Lyme Disease on the Rise
Every year, the CDC (Centers for Disease Control and Prevention) hears about 30,000 reported cases of Lyme disease. However, the organization estimates that the actual number is far higher—as many as 300,000.
Why the huge difference?
Health departments simply can’t capture all the cases. They may have difficulty keeping up with reporting when tick season rolls around too.
At the same time, some people may get Lyme disease and not know it for months or years. This can cause dangerous complications as well as skewing the health burden of this disease until later.
Undoubtedly, it’s important that you get treatment for Lyme disease as soon as possible.
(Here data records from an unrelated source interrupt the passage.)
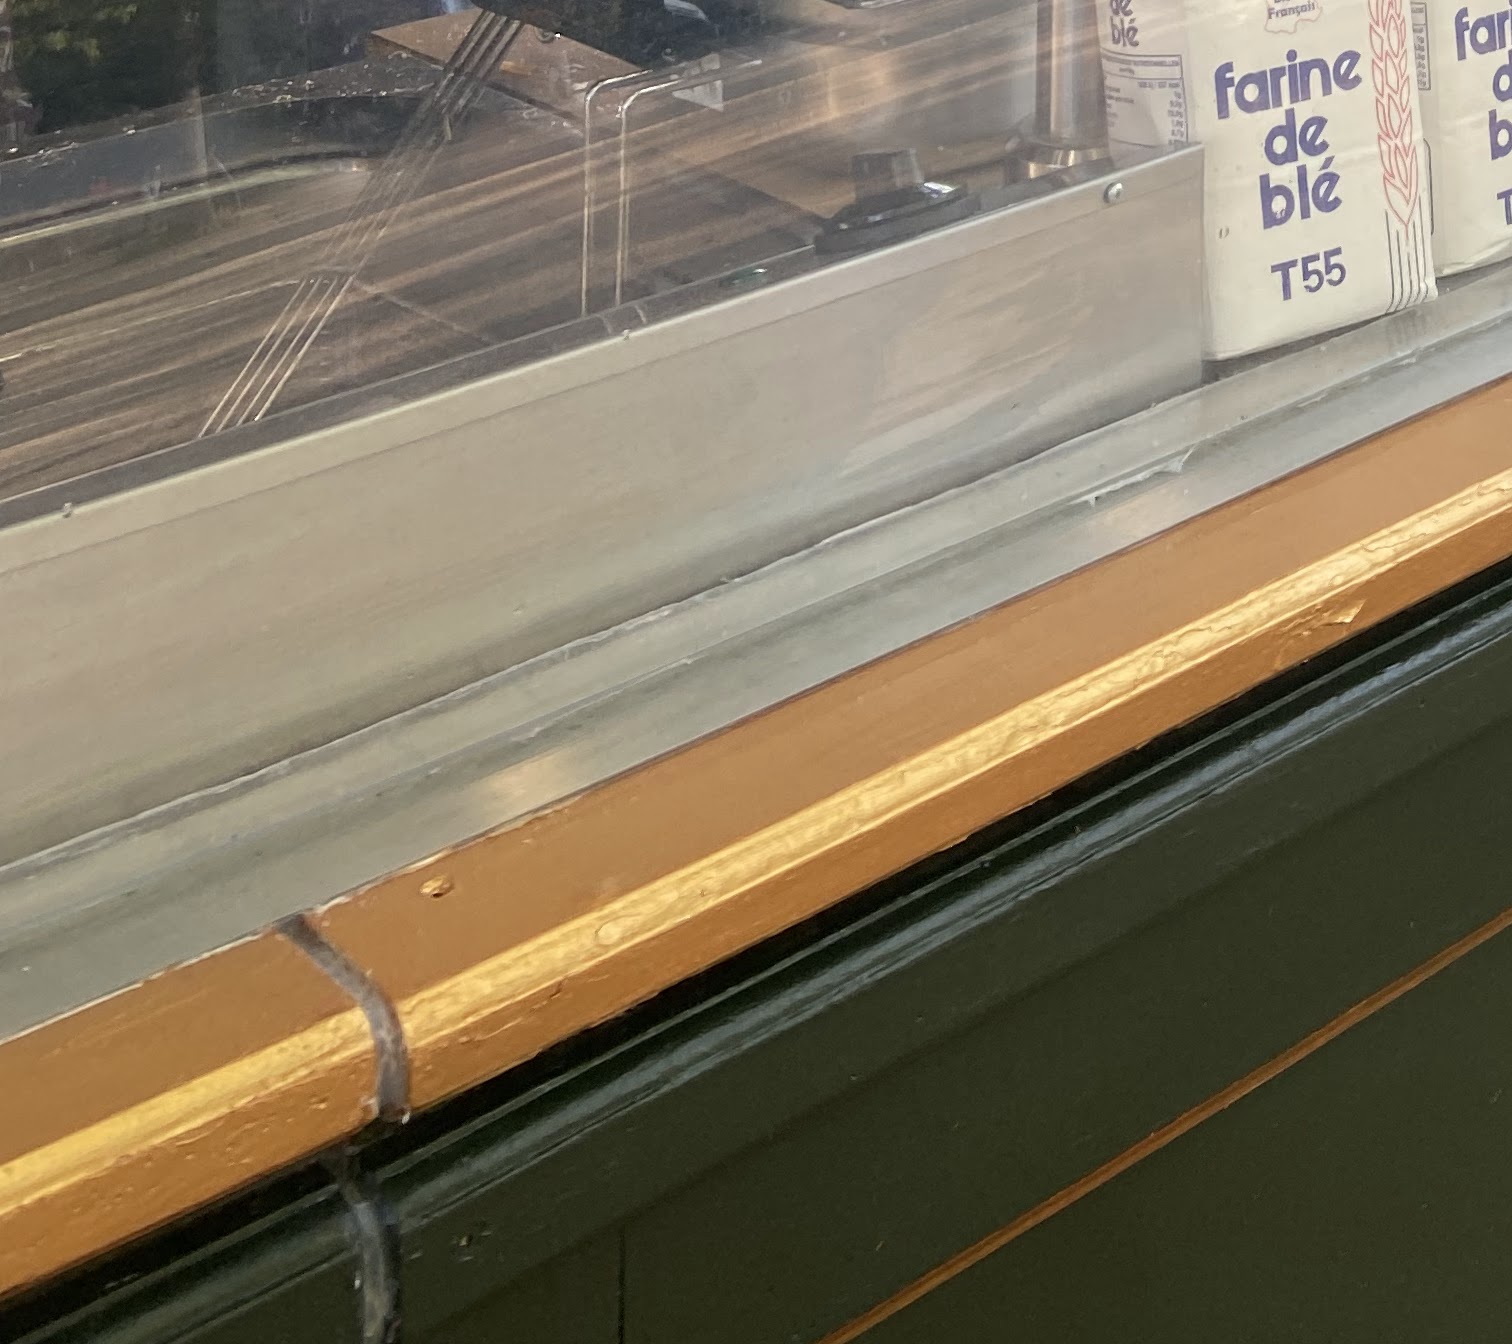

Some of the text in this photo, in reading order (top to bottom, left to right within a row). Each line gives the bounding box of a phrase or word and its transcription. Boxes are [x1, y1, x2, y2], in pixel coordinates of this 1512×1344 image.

[1110, 15, 1140, 47] blé
[1267, 0, 1316, 20] Français
[1214, 49, 1363, 120] farine
[1264, 107, 1330, 166] de
[1259, 155, 1343, 230] blé
[1270, 246, 1347, 301] T55
Signs and Symptoms of Lyme Disease
In Barbara Thorne’s case, she was thankful that her bout with Lyme disease ended well.
Barbara, who is an entomologist at the University of Maryland, didn’t expect to get the illness at her family reunion in Pennsylvania. But she had suspicions after receiving a bright red rash days later that kept expanding, reports NPR.
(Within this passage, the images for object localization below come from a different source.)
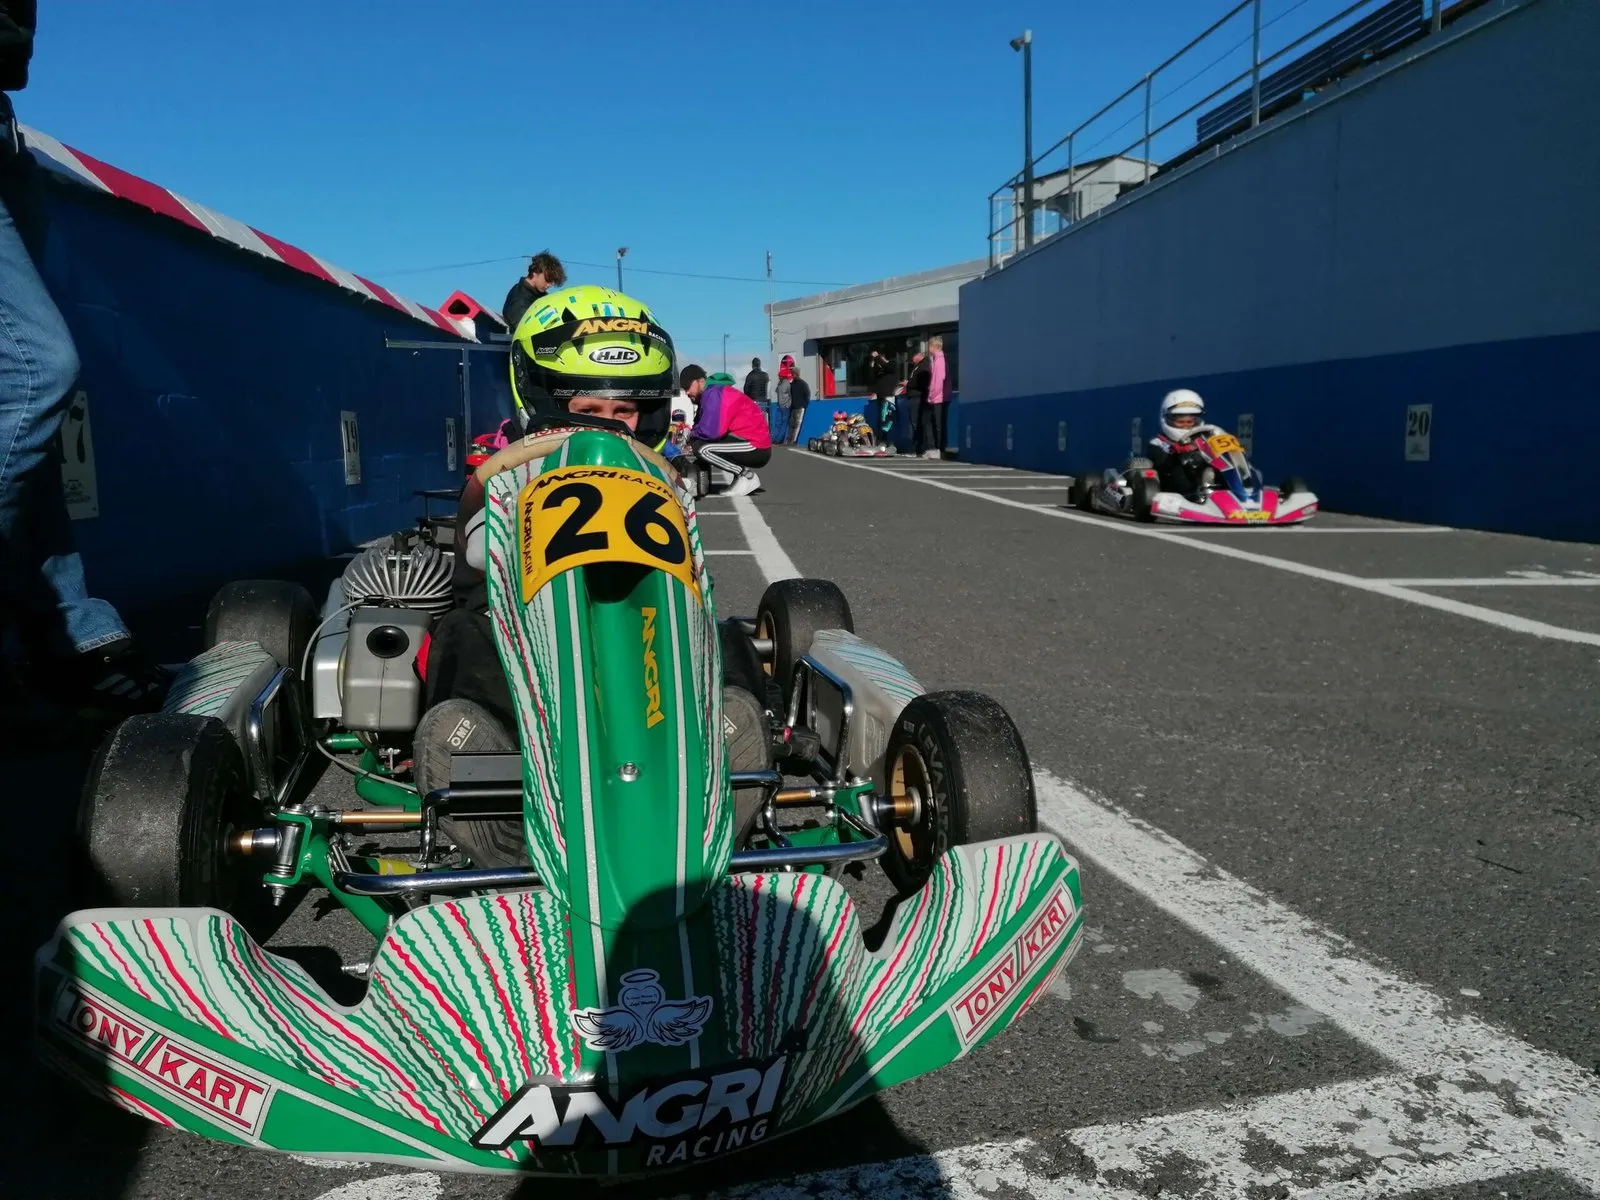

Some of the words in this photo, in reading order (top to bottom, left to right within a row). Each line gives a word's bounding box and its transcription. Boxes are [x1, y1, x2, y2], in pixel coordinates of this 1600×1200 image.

[572, 319, 648, 338] ANGRI
[596, 350, 635, 362] HJC
[344, 420, 359, 453] 19
[1408, 411, 1430, 437] 20
[529, 470, 618, 498] ANGRI
[523, 501, 534, 544] ANGRI
[541, 482, 686, 565] 26
[641, 607, 665, 729] ANGRI
[450, 719, 472, 747] OMP
[955, 951, 1015, 1026] TONY
[1023, 887, 1068, 962] KART
[67, 985, 145, 1056] TONY
[158, 1043, 265, 1116] KART
[478, 1055, 787, 1146] ANGRI
[646, 1117, 769, 1167] RACING
Barbara was able to get medication fairly quickly, and she overcame her Lyme disease in a few short months.
However, some people don’t catch the signs and symptoms until later. That’s because symptoms can mask themselves as the flu, causing fever, chills, and body aches.
According to the Mayo Clinic, other tell-tale symptoms of Lyme disease include:
- An expanding rash with a bullseye
- Flu-like symptoms
- Joint pain
- Neurological problems (if left untreated for a long period)
These neurological problems can include swelling in the brain or paralysis in the muscles. Some infections result in a fainter rash without the white spot in the middle. Others cause nausea, vomiting, fatigue or inflammation in the eyes.
Even though it’s summer and you don’t expect serious illnesses like this one, pay attention to abnormal symptoms. They may indicate an illness that needs immediate attention.
How to Protect Yourself
Of course, you can and should prevent Lyme disease through protection first. The CDC recommends avoiding or staying aware in areas where ticks live.
Lyme-infected ticks are most prevalent in the Midwest or Northeast United States. So you should take extra precautions when living in or visiting these areas.
In 2015, 95 percent of Lyme disease cases came from just 14 states in America. Those states included:
Connecticut, Delaware, Maine, Maryland, Massachusetts, Minnesota, New Hampshire, New Jersey, New York, Pennsylvania, Rhode Island, Vermont, Virginia and Wisconsin.
In addition, ticks like moist environments as well as grassy or wooded areas. Pay attention during hiking, camping, or anytime you’re walking through tall grass. Avoid these areas when possible.
Second, you can also avoid ticks by using DEET-containing insect repellant and clothing with ample coverage. In other words, use bug spray and consider wearing long sleeves and pants when spending time outdoors.
Finally, you should always check for ticks after being outside. Use a full-length mirror to check common areas such as under the arms, behind the ears, behind the knees and around the waist.
If you should happen to find a tick, remove it with tweezers close to the skin. Be sure to apply pressure evenly rather than quickly. Then, watch for the symptoms of Lyme disease over the next several days.
Should you go to a doctor? It’s not necessary unless you have an indication that you have contracted Lyme disease.
Also, don’t be afraid of ticks that you spotted after several hours. The Mayo Clinic says ticks would usually need to be attached for 36 to 48 hours for infection.
While risk for Lyme disease is prevalent, you can still enjoy the outdoors. Simple prevention of Lyme disease and checking the skin might be all you need to stay safe.